Congregational Health and Physical Contact
We are in a series looking at markers of congregational health, something we ordinarily term “congregational vitality.” Many measures of health can be adduced – missional, financial, relational, emotional, and spiritual health all come to mind. But what about physical health?
It seems virtually certain that the COVID-19 outbreak will become a worldwide pandemic. As I write, nearly 100,000 cases have been diagnosed, and the death toll has surpassed 3,000. And those numbers seem to be growing exponentially. By the time you read this, three days after I write it, they will be significantly higher. We know that the primary way this virus spreads is through human contact, and that has direct bearing on being church. The church is a gathering of people, and thus is directly affected by events such as this.
Last Sunday I preached at one of our congregations, and as I greeted people after worship, it became clear that each of us has our own take on appropriate physical contact in our current environment. Nearly half of those I greeted did not want to shake hands. A few wanted a hug. There were lots of fist-bumps and elbow-taps. How do we navigate the way we greet one another face to face in a community that in its formative days did so with a “holy kiss”? (See, for example, 1 Peter 5:14. Paul offers the same instruction multiple times.)

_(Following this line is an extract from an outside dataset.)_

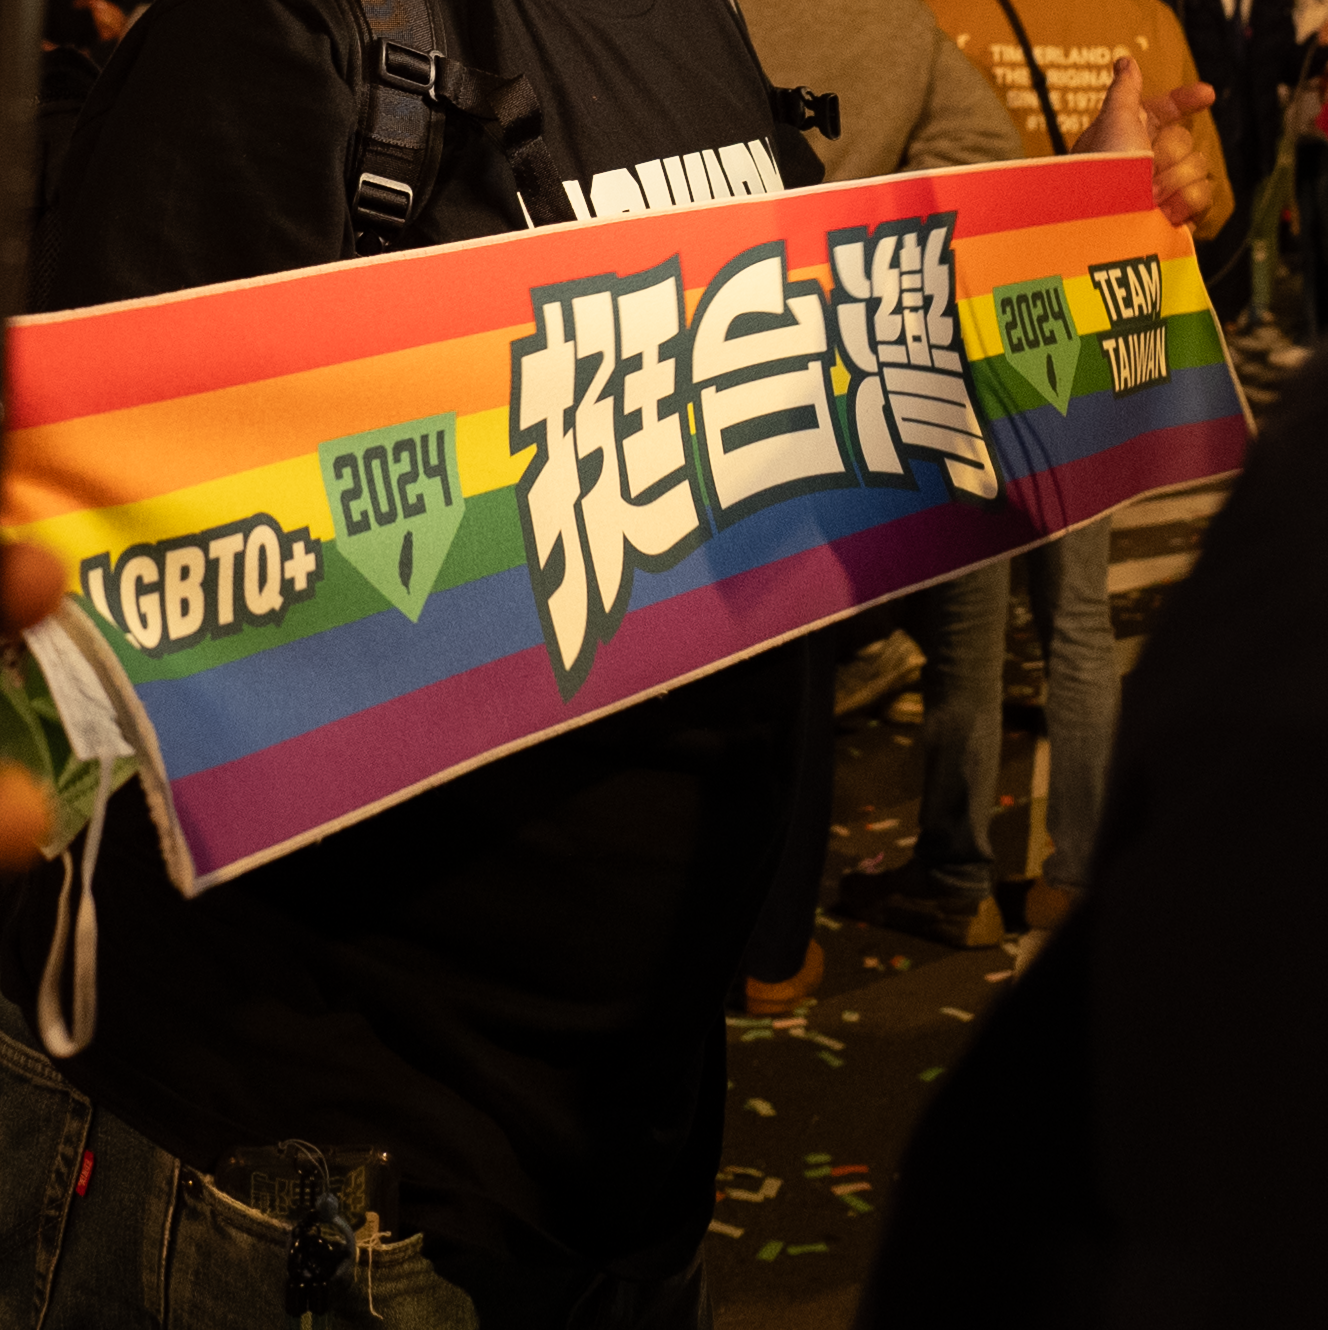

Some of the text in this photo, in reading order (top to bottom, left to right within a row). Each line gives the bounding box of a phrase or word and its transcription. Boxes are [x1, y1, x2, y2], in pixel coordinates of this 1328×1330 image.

This question has become more urgent elsewhere than it is here, at least so far. Rev. Steve Yamaguchi, a Presbyterian pastor of a congregation in Tokyo, wrote his congregation a letter outlining steps they are taking in a place where the virus is significantly widespread. They will continue to meet for Sunday worship, but are suspending many other gatherings. On Sundays, they will greet each other with an elbow-tap, or (wonderfully appropriate in Japan) by bowing to each other.
Presbyterian Disaster Assistance has provided a thorough guide for congregations in response to severe infectious outbreaks. The Synod of the Trinity has assembled a wonderful set of local, denominational, national, and global resources that offer critical assistance to the church as it faces this particular virus threat.

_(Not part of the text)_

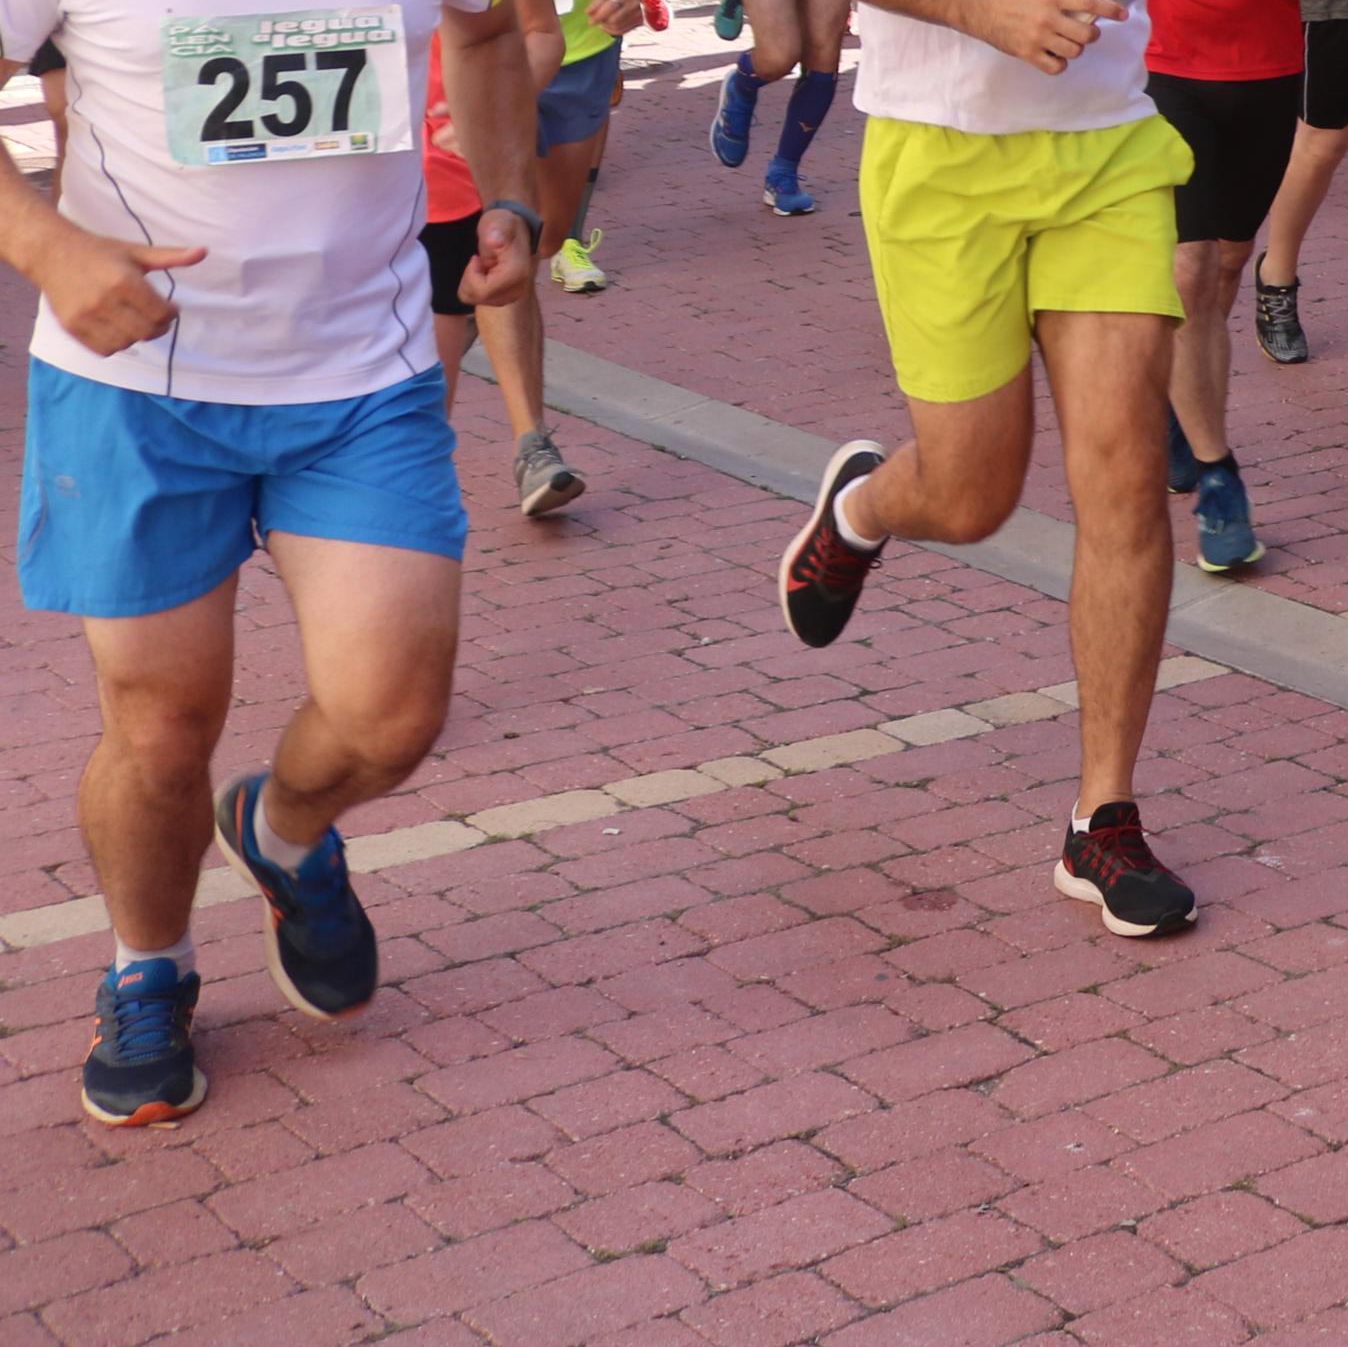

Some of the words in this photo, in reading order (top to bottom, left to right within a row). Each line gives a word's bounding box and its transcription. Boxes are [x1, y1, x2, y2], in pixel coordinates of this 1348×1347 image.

[260, 15, 385, 36] legua
[272, 29, 397, 51] legua
[197, 48, 368, 143] 257

Congregations may well establish rules of contact during this season – and probably should do so. This week the Roman Catholic Diocese of Pittsburgh responded to the current virus threat by suspending its practice of sharing the common cup in Eucharist, and by advising a suspension of hand-shaking and embracing during the passing of the peace. Beneath these rules lies a deeper question: How do we connect physically with members of the community of faith to which we belong?
Thanks to the “MeToo” movement and the clergy sexual abuse crisis that has been so prominent in the news, we are freshly reminded that unwanted physical contact is off limits in the church. But what is appropriate physical contact, and why does it matter?
Physical touch is critical to Jesus’ ministry, and by extension to any ministry in his name. Jesus healed most often by touch, though he sometimes did so by word alone. As I noted above, the “holy kiss” was part of ancient Christian fellowship. Sacraments remind us of the inherent relationship between physical things (water, wine, bread) and spiritual things. We are physical beings, and our relationships to each other are just as much physical as they are spiritual.
As important as physical touch is to our sense of belonging, the most important thing is that we gather with each other, not how we greet each other as we do so. Being together with each other is essential to Christian identity. “Personal Christianity” apart from the fellowship of other Christ-followers is an oxymoron. There is no such thing as a “virtual church,” a church connected only electronically. Tangible in-person fellowship is essential to true Christianity. For a season, physical contact may be best reserved to an elbow bump or something similar. But let us never forsake gathering together, for in our gathering lies our encouragement and discipline to stay the course as Jesus’ followers. (Hebrews 10:24-25)
It may seem so obvious that it doesn’t need to be said, but it bears saying: No congregation can be vital if its constituents do not show up for worship. Being physically present to each other is the baseline condition for any and all congregational vitality. What does your congregation do to note and reach out to those who aren’t present on Sunday mornings? If the answer is “nothing,” this is a first-order commitment that it needs to make if it wishes to be truly vital.